This article originally appeared in the October issue of NCGA Golf Magazine
By Ted Johnson
When it comes to vintages that are true markers of a California wine region, none are rising faster in popularity among connoisseurs as well as critical recognition within the industry as “GSM.”
The initials stand for Grenache, Syrah and Mourvèdre grapes. Each variety adds singular features tasted on the palette – Grenache for sweetness, Syrah for body or fullness, and “Mouve” for tannins. It is a challenge for the winemaker, to say the least, as each grape type must be managed from the vine to the barrel; a three-varietal juggling act, but GSM vintages from Paso Robles have come to make wine connoisseurs spin with delight.

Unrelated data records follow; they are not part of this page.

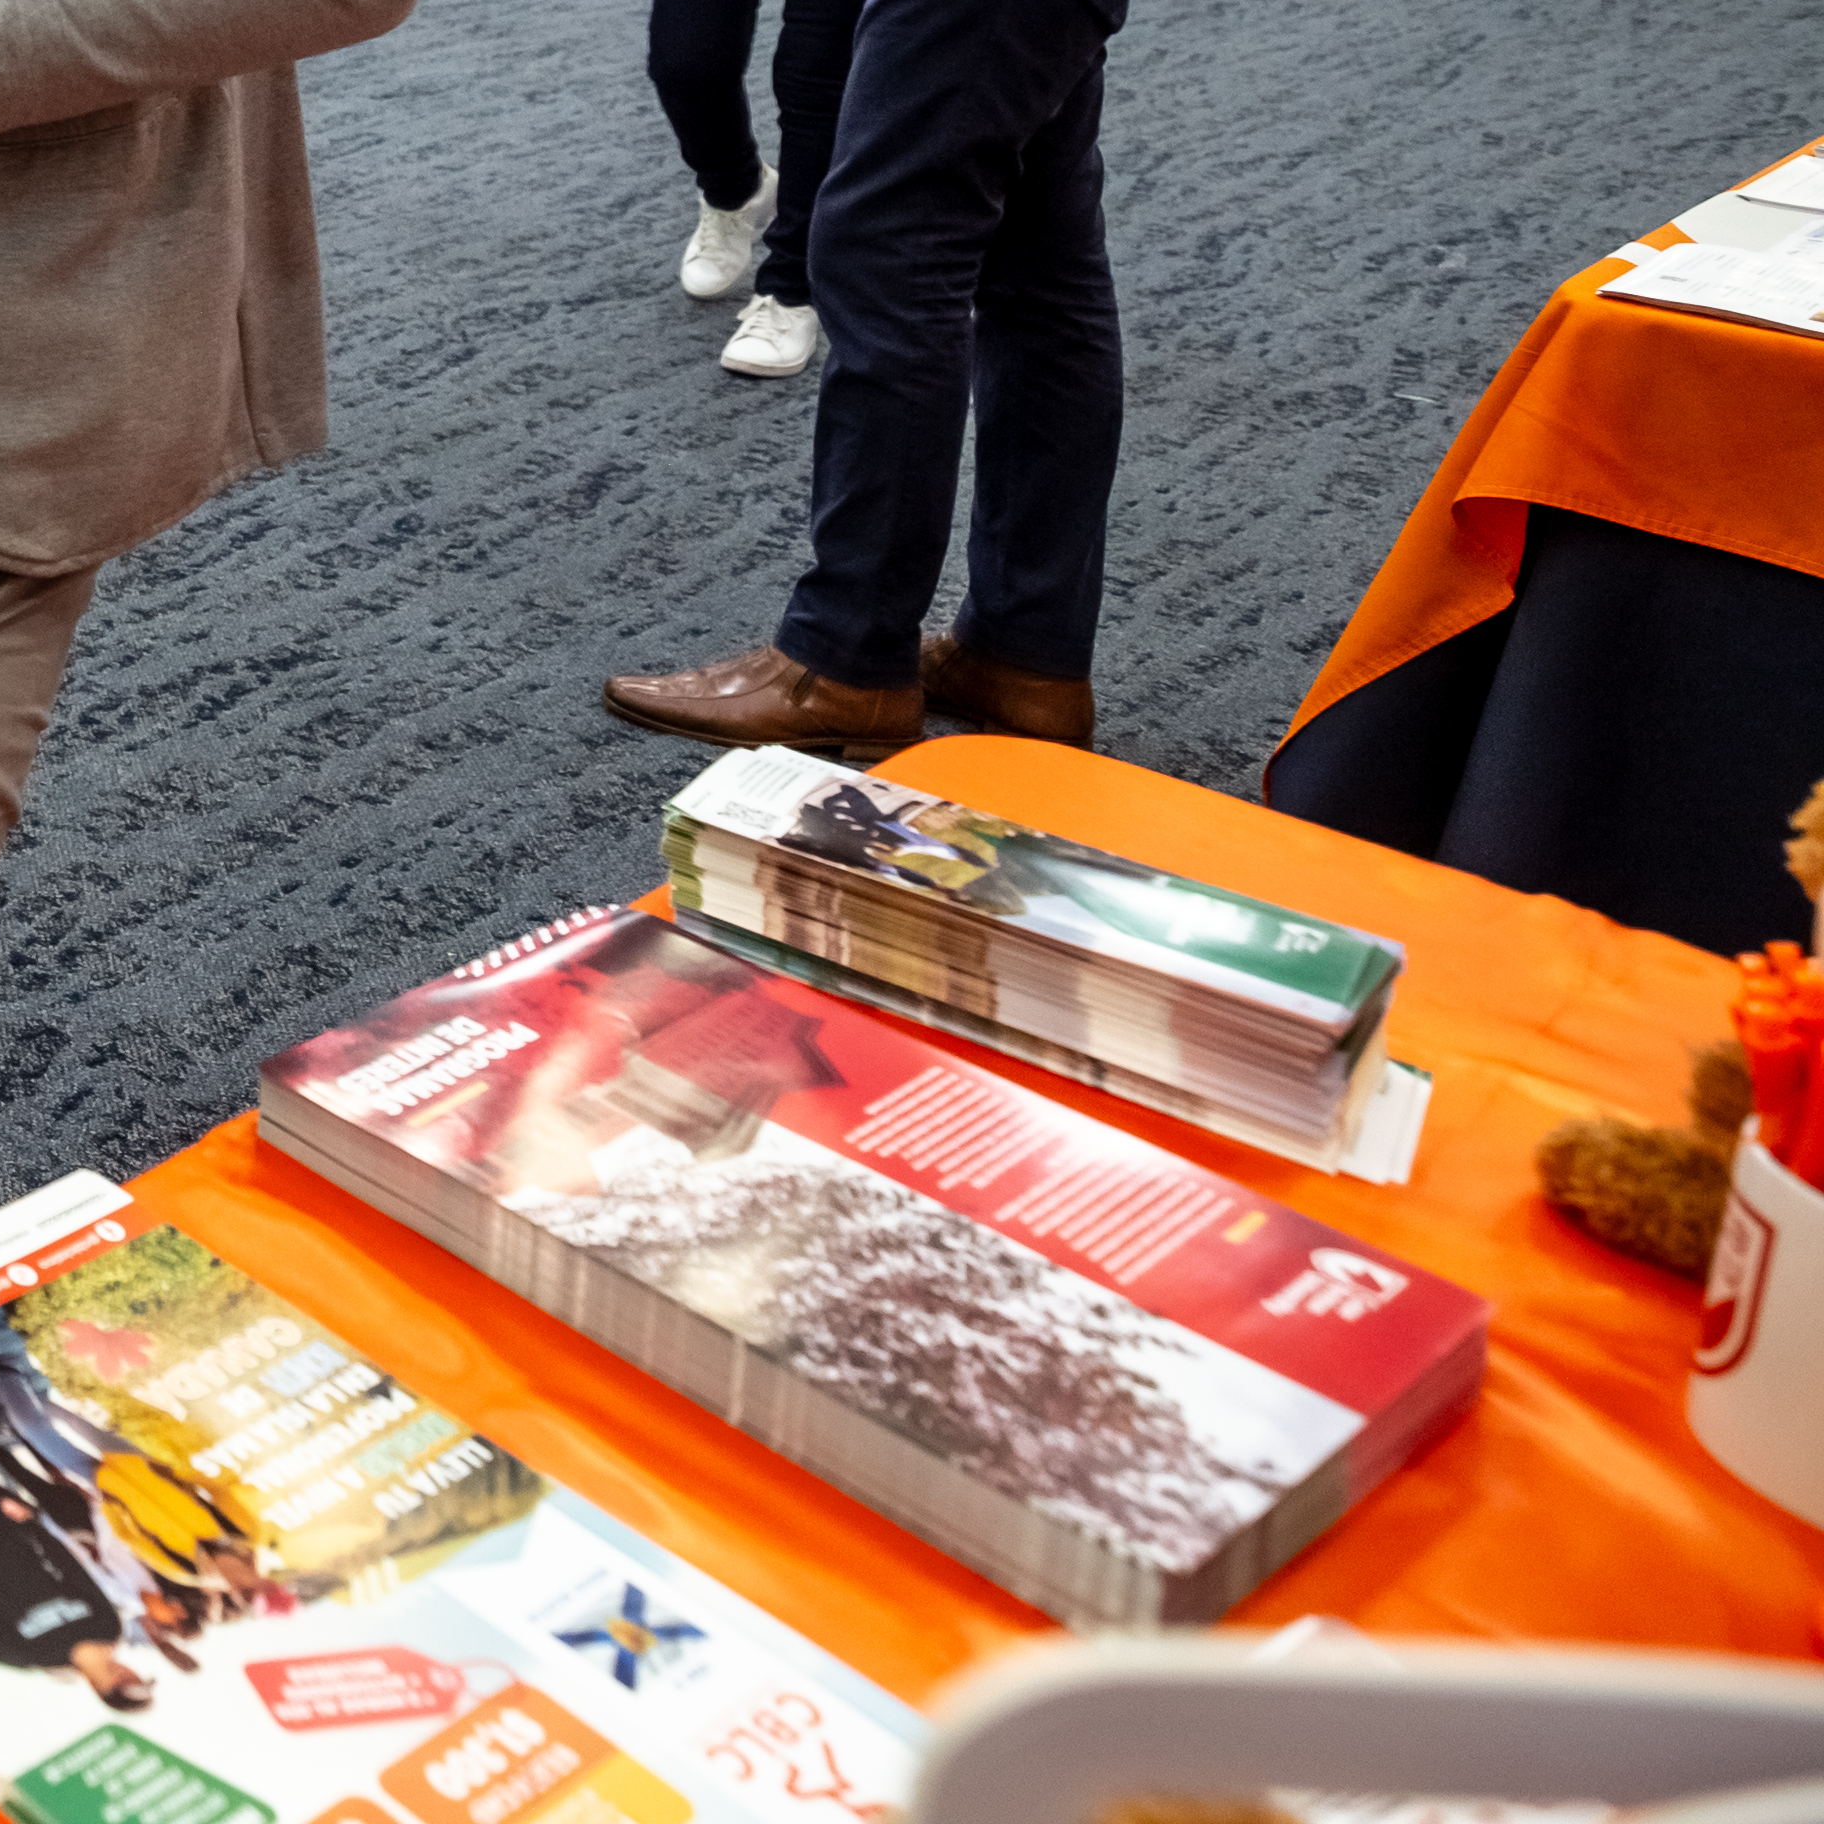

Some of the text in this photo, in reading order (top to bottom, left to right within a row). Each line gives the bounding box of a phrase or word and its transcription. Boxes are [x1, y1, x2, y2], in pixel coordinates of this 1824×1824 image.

[336, 1015, 488, 1094] DE INTERÉS
[370, 1021, 541, 1116] PROGRAMAS
[128, 1315, 303, 1423] CANADÁ
[301, 1378, 349, 1414] LA
[333, 1361, 382, 1397] EN
[372, 1438, 494, 1520] LLEVA TU

Vineyards like Linne Colado and Booker, to name two, sit on the southwest side of the city on hillsides that climb out of the live oaks to bask in summertime temperatures often in the 90s and higher. This region differs from the Napa and Sonoma valleys by being, for the most part, newer, smaller in terms of production facilities, and much more personal. That’s one way of saying there’s a good chance you will meet the winemaker in the tasting room. Alas, there’s very little corporate takeover as in Napa.

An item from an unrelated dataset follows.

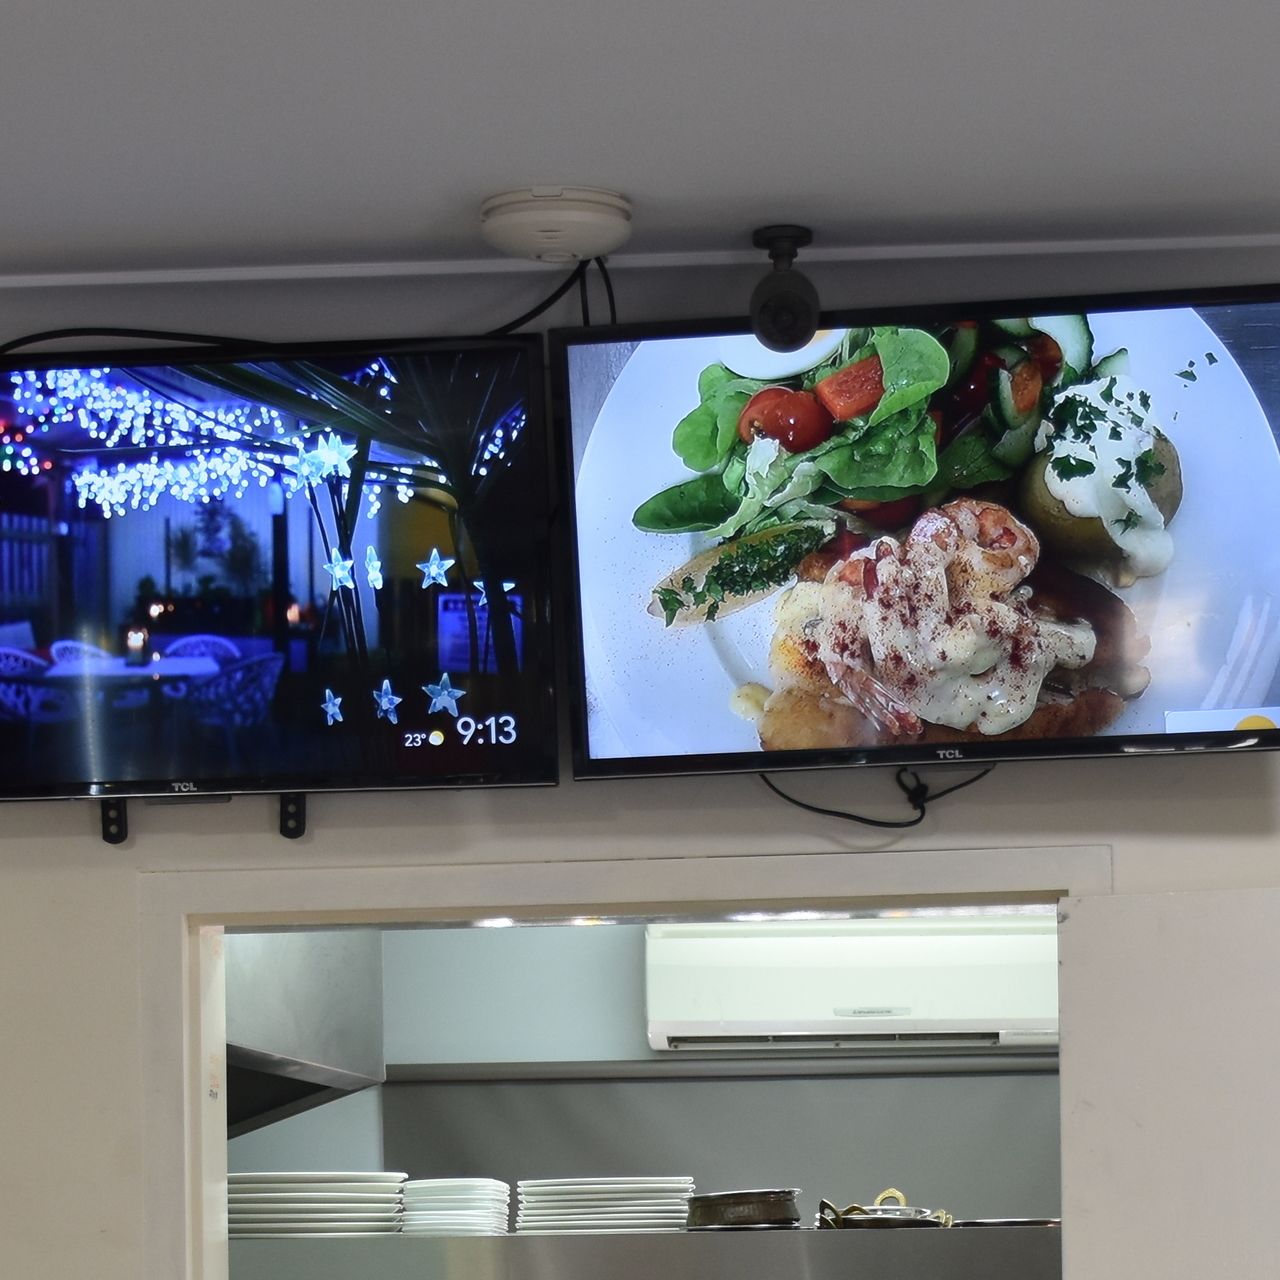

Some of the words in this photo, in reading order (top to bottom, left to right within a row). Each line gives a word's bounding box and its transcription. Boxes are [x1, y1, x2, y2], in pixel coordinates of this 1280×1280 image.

[456, 715, 517, 745] 9:13
[936, 750, 963, 759] TCL
[171, 782, 198, 791] TCL

Example 1A: Matt Trevisan, founder, builder and winemaker of Linne Colado. A 53-year-old bio-chem major out of Cal Poly San Luis Obispo who was so poor and so low when he started in the industry, he was sleeping in his car. Stints as forklift driver and warehouse manager at White Horse and Justin – long-established wineries in Paso – gave him the knowledge and drive to start on his own.
Linne Colado – so named after the soil makeup in his vineyards – started in 2002. He expanded in 2008, and his passion is what he calls not wines but “photographs.” Each year offers different conditions and challenges that becomes a unique vintage. The wine is just a snapshot of those conditions. And that can become tricky when there’s a third Grenache, a third Syrah, 27% Mourvèdre and 9% Granciano.

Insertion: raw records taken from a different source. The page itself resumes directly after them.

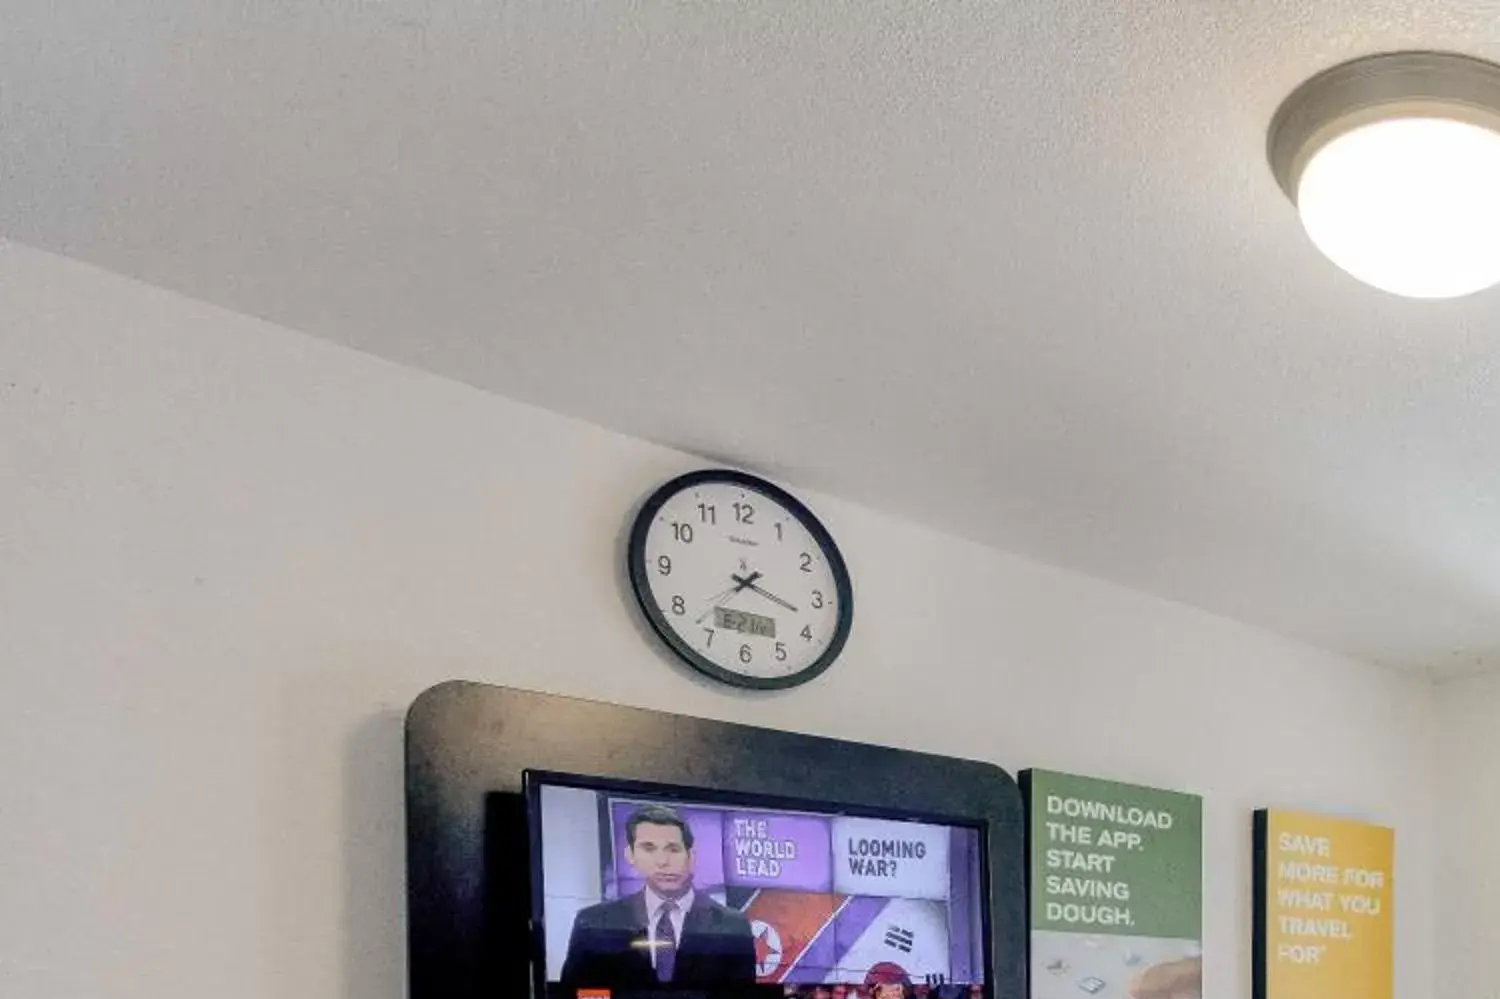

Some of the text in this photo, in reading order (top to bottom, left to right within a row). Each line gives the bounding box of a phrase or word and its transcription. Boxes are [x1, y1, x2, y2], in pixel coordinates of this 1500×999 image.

[698, 503, 716, 525] 11
[732, 502, 755, 524] 12
[672, 522, 693, 543] 10
[774, 522, 784, 541] 1
[657, 555, 672, 576] 9
[800, 552, 812, 573] 2
[671, 595, 685, 616] 8
[811, 591, 823, 609] 3
[703, 628, 715, 649] 7
[800, 624, 812, 642] 4
[739, 644, 752, 664] 6
[775, 642, 787, 661] 5
[1047, 795, 1172, 829] DOWNLOAD
[734, 819, 768, 839] THE
[1045, 821, 1144, 851] THE APP.
[735, 838, 796, 859] WORLD
[848, 838, 926, 859] LOOMING
[1279, 832, 1330, 857] SAVE
[736, 857, 780, 877] LEAD
[849, 859, 897, 877] WAR?
[1046, 849, 1116, 873] START
[1279, 862, 1384, 888] MORE FOR
[1046, 875, 1130, 900] SAVING
[1278, 890, 1380, 915] WHAT YOU
[1278, 915, 1351, 940] TRAVEL

“I may take a picture of you one year, and then a year later I’ll take another and you’ll be wearing different clothes, maybe your hair is longer,” said Trevisan under an aged baseball cap marked by dust and sweat. “My wine is the same way.”
Cabernet sauvignon and chardonnay often incorporate other varietals, minimally so, but Trevisan’s and other GSMs are “blends” of a major scale. Each percentage point comes through in the tasting. Linne’s Rising Tides breaks down to 32% Grenache, 32% Syrah, 27% Mourvèdre, and 9% Graciano.
It doesn’t take long when visiting with Trevisan as he drives around his vines or walks you through the barn full of barrels to understand he’s definitely obsessive – in a good way. The vineyards, the guest house atop the property, the barn were all constructed by him. The same goes for his wines. “I blend like a dictator,” he said.

California’s Tuscany
“Paso,” as it’s called by the locals, is divided by Highway 101, with State Route 46 coming in from the east on the city’s north side and then continuing west on the south towards Cambria and Hearst Castle. Here the hillsides are more like Tuscany, and the diurnal effect – in which temperatures climb during the day and then recede in the night – allows for the red varietals to excel.
For a full wine experience, Paso and its 100-plus wineries in the region might make it more than enough for a one-day excursion. If you want a one-stop experience, there’s Tin City. Located on the south side of Paso, it consists of old agriculture buildings now transformed into tasting rooms, shops and restaurants, showcasing the best of the region.

Paso Robles is also graced by two golf courses. On the south side is Palo Robles Country Club, and on the northeast side is perhaps the best public course from Laguna Seca to Nipomo, Hunter Ranch GC. It opened in 1994 and earned rave reviews for its layout among the oaks and hillsides. Outside play costs $125 on weekends, $105 on weekdays, but the way the course works up and down the hills with fairways lined on both sides by oaks makes Hunter a compelling experience. The ranch-style restaurant befits the Western vibe perfectly.
Larger-scale vinters like J. Lohr and Justin all have their own tasting experiences in Paso Robles. Linne Colado and Booker feature high-end wines with retails costs ranging from $60 to about $100. A bottle of Booker’s 2022 Fracture – which is another exquisite GSM – and the Rising Tides run about $100, but both still considerably cheaper than the best cabernets in the Napa Valley.
Many might consider these “library” wines, meaning you take them home and put them in the cellar to age. But according to Jonah Dewhurst, who provided the tasting, winemaker Eric Jensen doesn’t buy into that. “Eric believes it can’t be a great wine unless you can take it home and drink it right away,” said Dewhurst.
Finally, now that wine has come to be so prominent, it’s easy to forget that Paso Robles also takes great pride in its meat, thanks to its long history of cattle husbandry. The local favorite found in nearly all of the restaurants and even in liquor stores is barbecued tri-tip, and it’s difficult to imagine a more compelling compliment to GSM.